━━━ Records for this task ━━━

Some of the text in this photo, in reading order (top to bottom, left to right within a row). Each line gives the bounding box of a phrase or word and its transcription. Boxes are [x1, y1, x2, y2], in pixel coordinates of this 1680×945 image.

━━━
━━━ Records for this task ━━━

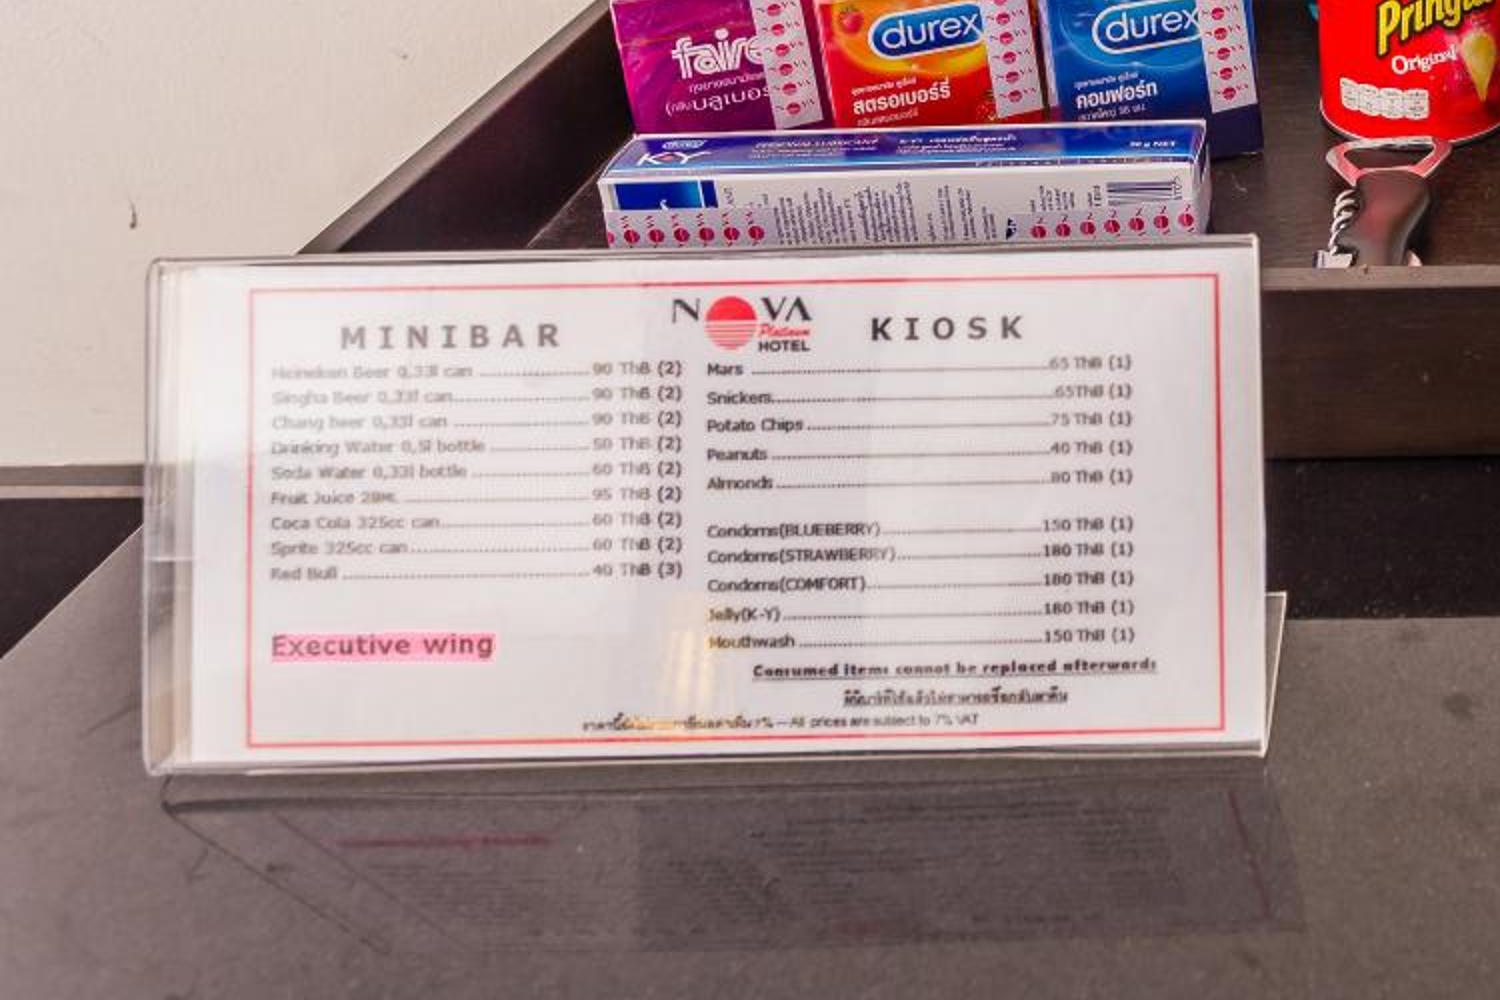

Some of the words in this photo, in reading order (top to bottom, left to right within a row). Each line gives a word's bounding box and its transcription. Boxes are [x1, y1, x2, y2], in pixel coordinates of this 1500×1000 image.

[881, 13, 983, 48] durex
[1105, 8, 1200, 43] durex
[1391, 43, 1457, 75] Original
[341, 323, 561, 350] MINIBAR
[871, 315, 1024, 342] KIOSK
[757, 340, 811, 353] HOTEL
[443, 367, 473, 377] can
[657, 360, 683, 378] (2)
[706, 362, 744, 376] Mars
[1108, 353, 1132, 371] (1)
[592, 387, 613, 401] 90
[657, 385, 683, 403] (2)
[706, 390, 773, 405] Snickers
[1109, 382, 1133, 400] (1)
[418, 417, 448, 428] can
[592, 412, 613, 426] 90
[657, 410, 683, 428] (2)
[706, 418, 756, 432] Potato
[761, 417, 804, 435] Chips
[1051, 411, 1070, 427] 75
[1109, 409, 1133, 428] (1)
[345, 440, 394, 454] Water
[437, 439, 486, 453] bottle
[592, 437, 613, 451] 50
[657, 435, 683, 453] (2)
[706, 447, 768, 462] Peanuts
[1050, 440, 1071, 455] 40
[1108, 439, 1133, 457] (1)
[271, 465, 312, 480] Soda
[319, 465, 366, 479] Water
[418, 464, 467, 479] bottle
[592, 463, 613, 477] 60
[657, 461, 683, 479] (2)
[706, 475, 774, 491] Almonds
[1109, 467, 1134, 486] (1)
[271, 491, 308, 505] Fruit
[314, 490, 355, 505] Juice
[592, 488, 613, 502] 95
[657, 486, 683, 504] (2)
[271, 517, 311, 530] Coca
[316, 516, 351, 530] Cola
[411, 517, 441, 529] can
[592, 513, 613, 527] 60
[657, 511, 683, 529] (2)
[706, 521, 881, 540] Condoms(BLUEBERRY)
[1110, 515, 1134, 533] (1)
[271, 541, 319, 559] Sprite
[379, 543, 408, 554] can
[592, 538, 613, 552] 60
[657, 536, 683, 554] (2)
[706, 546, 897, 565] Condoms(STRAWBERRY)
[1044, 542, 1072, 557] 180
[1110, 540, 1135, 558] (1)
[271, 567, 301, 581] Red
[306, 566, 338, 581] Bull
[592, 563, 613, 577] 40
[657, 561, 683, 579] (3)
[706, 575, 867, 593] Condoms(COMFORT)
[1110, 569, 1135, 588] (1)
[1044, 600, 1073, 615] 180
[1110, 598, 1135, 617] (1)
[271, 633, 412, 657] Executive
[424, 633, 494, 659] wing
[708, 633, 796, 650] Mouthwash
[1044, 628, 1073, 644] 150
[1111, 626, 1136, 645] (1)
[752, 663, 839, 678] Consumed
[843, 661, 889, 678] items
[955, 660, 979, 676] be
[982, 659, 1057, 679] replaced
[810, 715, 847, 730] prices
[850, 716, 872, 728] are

━━━
━━━ Records for this task ━━━

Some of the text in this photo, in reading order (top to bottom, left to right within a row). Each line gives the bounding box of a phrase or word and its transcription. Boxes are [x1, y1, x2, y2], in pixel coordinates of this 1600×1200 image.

━━━

If a line in the data above includes the string "text", copy it.

Some of the text in this photo, in reading order (top to bottom, left to right within a row). Each line gives the bounding box of a phrase or word and its transcription. Boxes are [x1, y1, x2, y2], in pixel coordinates of this 1680×945 image.
Some of the text in this photo, in reading order (top to bottom, left to right within a row). Each line gives the bounding box of a phrase or word and its transcription. Boxes are [x1, y1, x2, y2], in pixel coordinates of this 1600×1200 image.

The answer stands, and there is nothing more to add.